Co-Authored-By: Claude Opus 4.6 (1M context) &lt;noreply@anthropic.com&gt;
diff --git a/CLAUDE.md b/CLAUDE.md
@@ -1,16 +1,16 @@
 # Repository Guidelines
 
 ## Project Structure & Module Organization
-Source files live under `envs/<cpu>/<gpu>/`, where each leaf directory owns a `spack.yaml` manifest and (optionally) a generated `Dockerfile`. Keep CPU targets (`x86`, …) and accelerator targets (`gfx90a`, `sm72`, `none`) granular so images stay purpose-built, and limit the root `README.md` to high-level context.

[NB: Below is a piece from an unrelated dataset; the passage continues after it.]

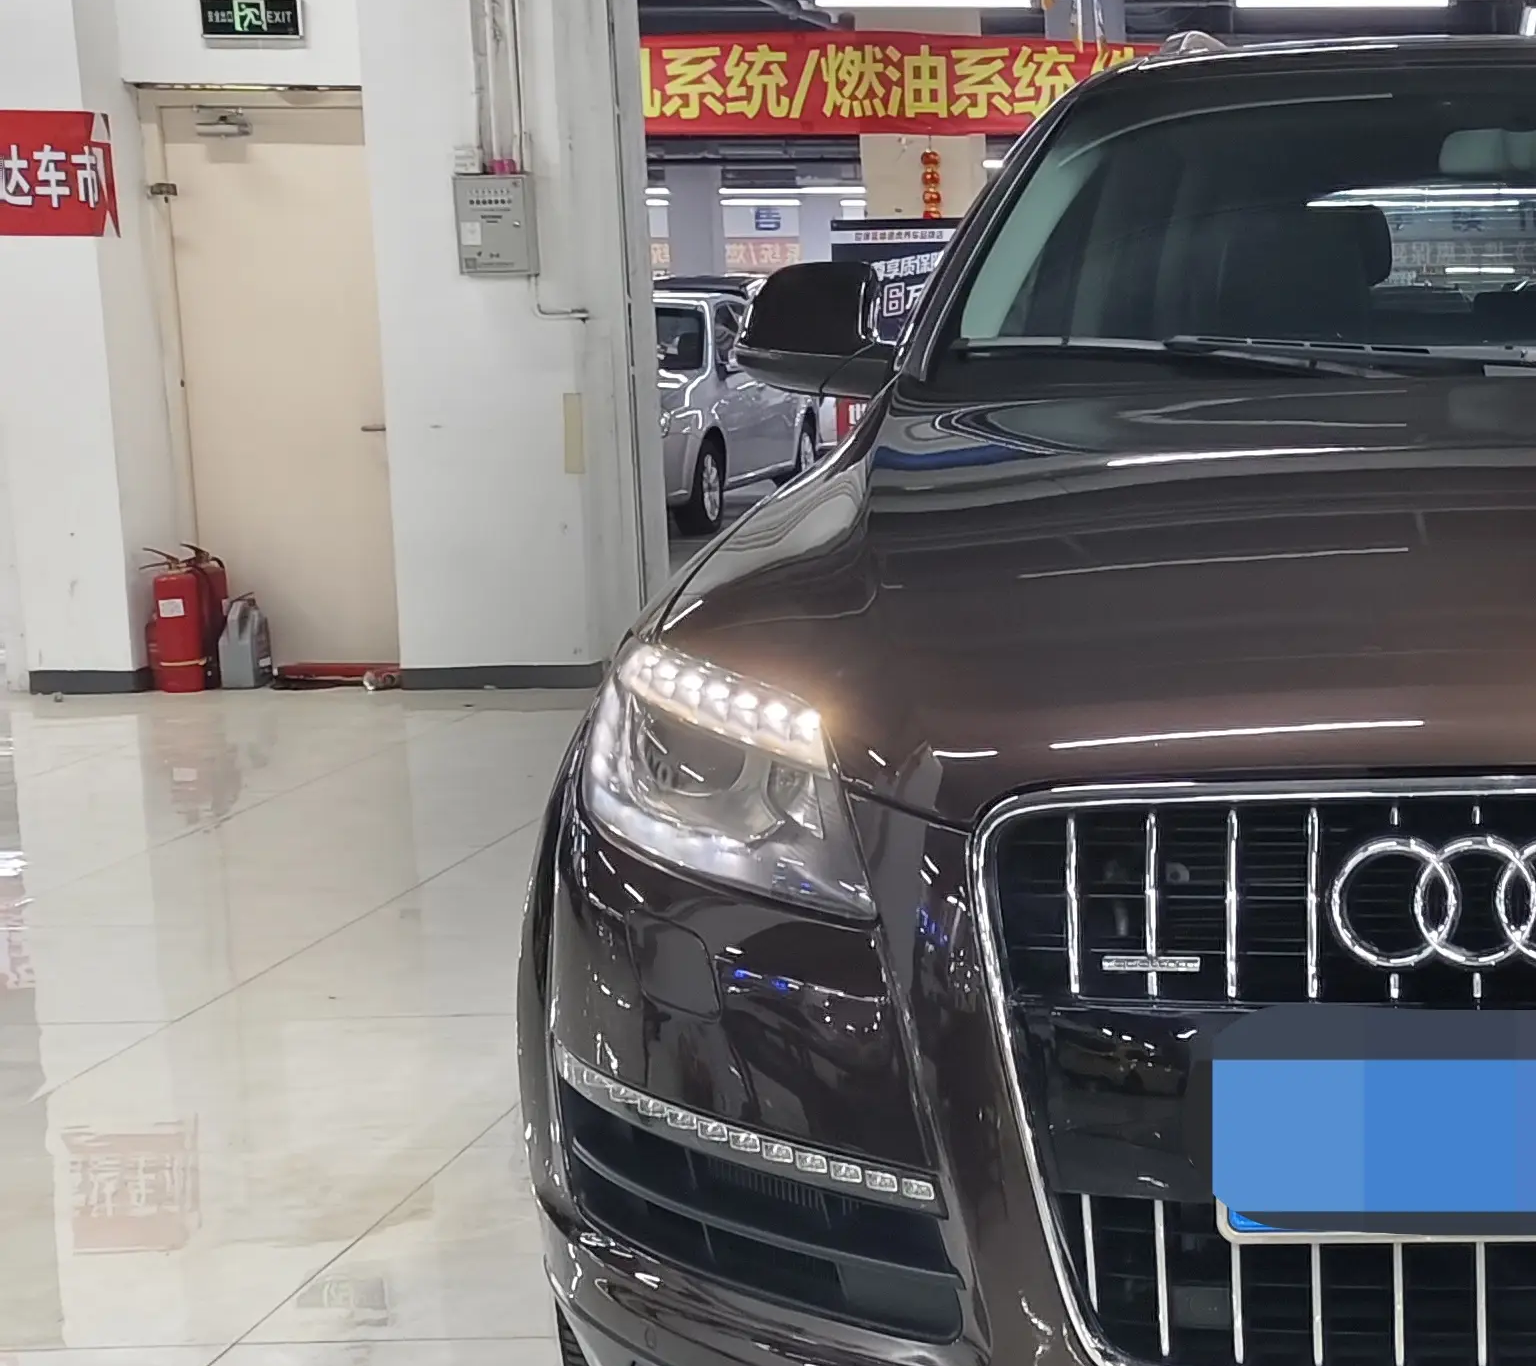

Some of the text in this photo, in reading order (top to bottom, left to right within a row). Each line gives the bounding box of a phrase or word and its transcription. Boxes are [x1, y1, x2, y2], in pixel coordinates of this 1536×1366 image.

[266, 10, 292, 24] EXIT
[640, 43, 1134, 120] 系统/燃油系统
[0, 144, 99, 208] 达车市
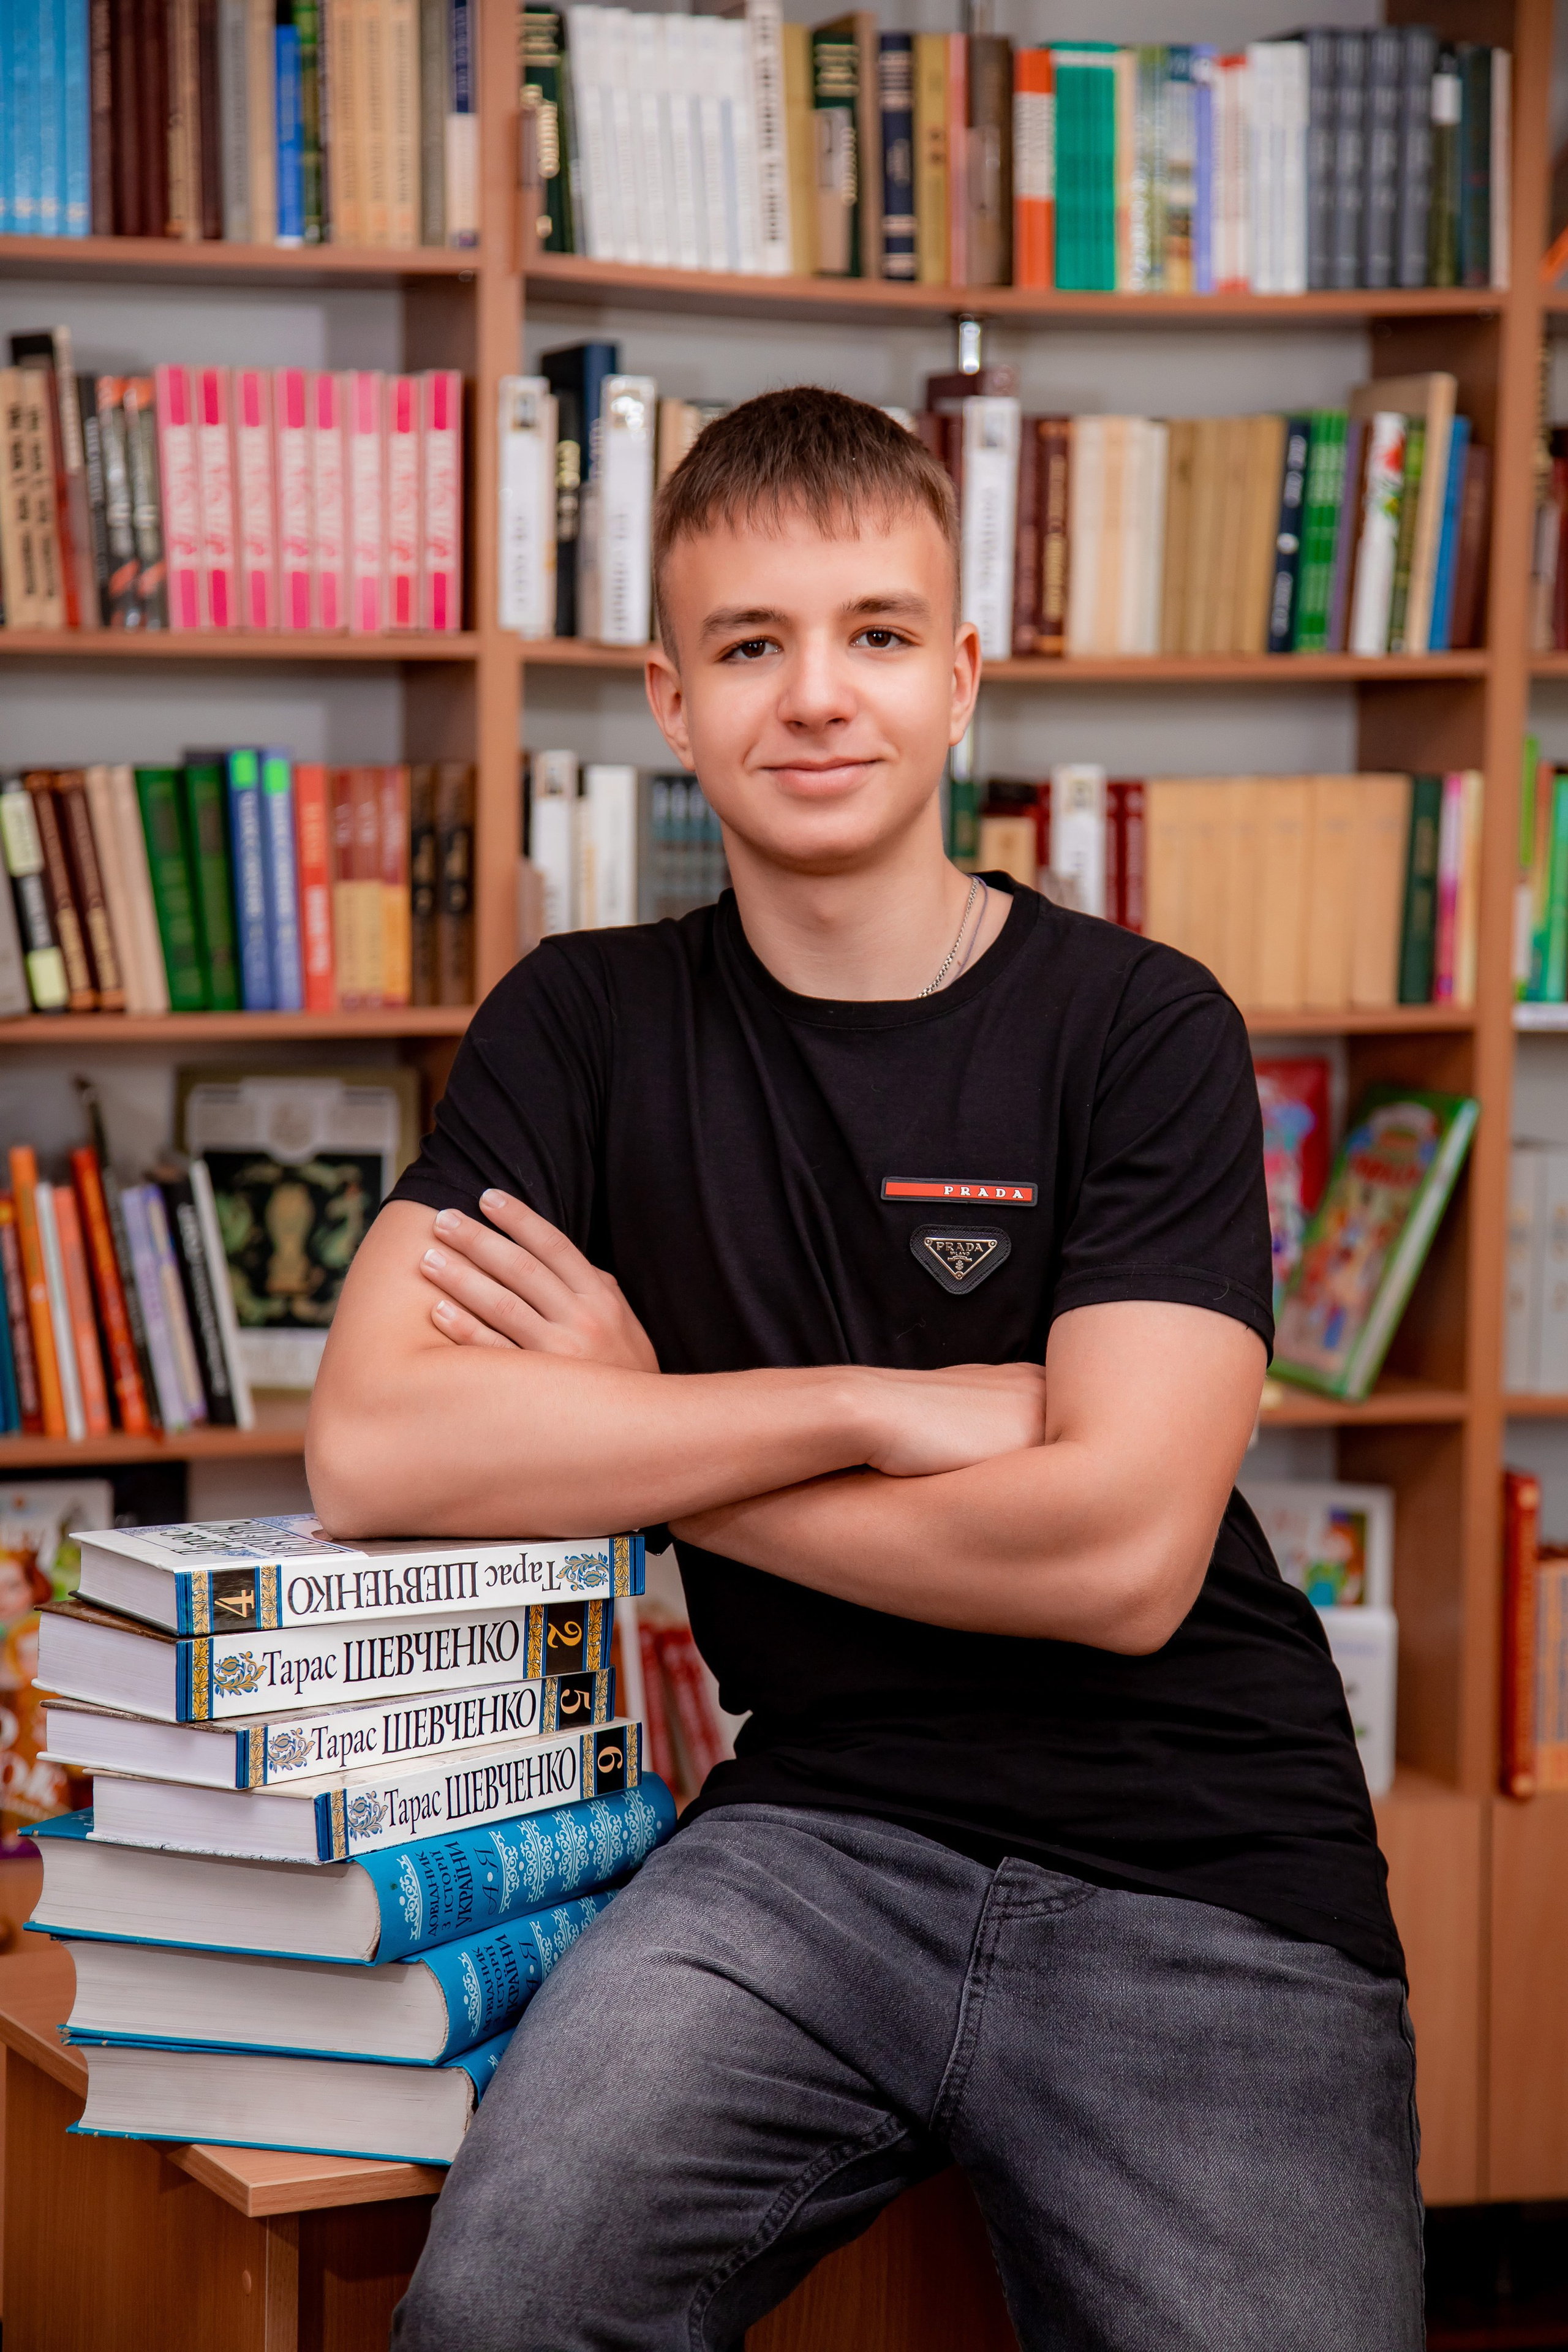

+Source files live under `envs/<cpu>/<gpu>/`, where each leaf directory owns a `spack.yaml` manifest and a `Dockerfile`. Current environments are `envs/x86/rocm` (AMD GPUs), `envs/x86/cuda` (NVIDIA GPUs, parameterised by `CUDA_ARCH` and `CUDA_VERSION` build args), and `envs/x86/none` (CPU-only). Keep CPU targets (`x86`, …) and accelerator targets (`rocm`, `cuda`, `none`) as separate directories so images stay purpose-built, and limit the root `README.md` to high-level context.
 
 ## Build, Test, and Development Commands
-- `spack spec -e envs/x86/gfx90a/spack.yaml` — concretizes the manifest locally; run this before opening a PR so dependency drift is caught early.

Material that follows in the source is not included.